Apesar de seus olhos parecerem não querer encarar essa realidade, o passado passou. Para marcar esses novos tempos, Boyle faz da montagem, do roteiro e da cinematografia, as suas ferramentas. GoPros, câmeras de celular e efeitos de Snapchat são utilizados como plataformas para discussões sobre redes sociais e internet banking no longa de 2017.
Essa nova realidade é sintetizada na renovação da famosa fala de Mark Renton no primeiro filme, a famosa passagem “Escolha a vida”. Aqui ela é não só completamente reformulada e atualizada, como também se torna autoconsciente de sua importância, tentando assim passar uma mensagem um pouco menos niilista para o público. Os quatro amigos se sentem aparentemente intimidados com os novos tempos em que vivem, eles já não dominam o sistema, o mundo os superou, eles ficaram para trás. Essa verdade é dura e em algum momento eles teriam que fazer as pazes com ela e tentar seguir em frente.
Sim, aparentemente o filme se debruça nas lembranças para poder encontrar sentido e sequência para a história original. Essa dependência do sentimento nostálgico do espectador para fazer sentido encaixota T2 – Trainspotting no nicho de fãs do primeiro filme, e em meio àqueles que ainda se lembram do que assistiram em noventa e seis. Isso cria não só a necessidade de que os “mais novos” assistam o original antes de encarar este, mas também reforça uma aparente “corrente” do cinema contemporâneo mainstream que é apelar para a memória afetiva do espectador. Trazendo sempre referências à filmes antigos, ou mesmo os refazendo.
Essa ideia não aparenta ser de todo o mal, a proposta inicial de Danny Boyle e do filme como um todo parece ter sido justamente essa. Refletir exaustivamente sobre o passado e confrontá-lo com o futuro em uma caixa de espelhos. Ao final o que se tira é óbvio: tentar se desprender do que já foi e usar de plataforma para seguir em frente. Essa premissa é simbolicamente interpretada por Spud, personagem caricato e usado de alívio cômico no primeiro filme. Aqui ele é usado como o fio condutor principal dessa trama, ele é o guardião de tudo o que aconteceu, cabendo à ele, dar o primeiro passo em direção ao futuro.

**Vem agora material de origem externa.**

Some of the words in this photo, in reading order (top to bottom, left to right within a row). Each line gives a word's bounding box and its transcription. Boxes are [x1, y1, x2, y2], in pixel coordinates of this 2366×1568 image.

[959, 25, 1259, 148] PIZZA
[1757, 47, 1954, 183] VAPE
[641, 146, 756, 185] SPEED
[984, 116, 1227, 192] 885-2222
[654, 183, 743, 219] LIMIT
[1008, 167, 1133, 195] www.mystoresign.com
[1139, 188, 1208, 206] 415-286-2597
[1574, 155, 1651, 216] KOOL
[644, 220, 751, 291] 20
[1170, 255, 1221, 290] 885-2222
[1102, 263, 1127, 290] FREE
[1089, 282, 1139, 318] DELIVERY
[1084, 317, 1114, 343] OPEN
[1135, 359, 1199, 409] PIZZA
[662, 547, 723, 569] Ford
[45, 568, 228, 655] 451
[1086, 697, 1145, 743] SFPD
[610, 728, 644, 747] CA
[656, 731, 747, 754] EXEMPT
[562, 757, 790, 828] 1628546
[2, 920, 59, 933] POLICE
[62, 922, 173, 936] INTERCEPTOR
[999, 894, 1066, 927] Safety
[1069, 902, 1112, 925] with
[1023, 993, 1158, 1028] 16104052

Ao final das contas Boyle conseguiu exatamente o que queria: deu aos fãs sedentos uma belíssima continuação; aos desavisados, uma lição muito bem executada sobre se prender ao passado; e aos que foram espertos, e viram o primeiro filme logo antes de ir ver o segundo, uma aula sobre estilo e forma cinematográficos. T2 – Trainspotting funciona não só como uma carta de amor ao filme de noventa e seis, mas também um aviso aos navegantes: que a nostalgia pelo passado pode te impedir de crescer, mesmo que seja muito gostoso viver nele ou revisitá-lo de vez em quando. Um puxão de orelha do Titio Danny Boyle? Talvez. No final das contas, é melhor que se escolha a vida.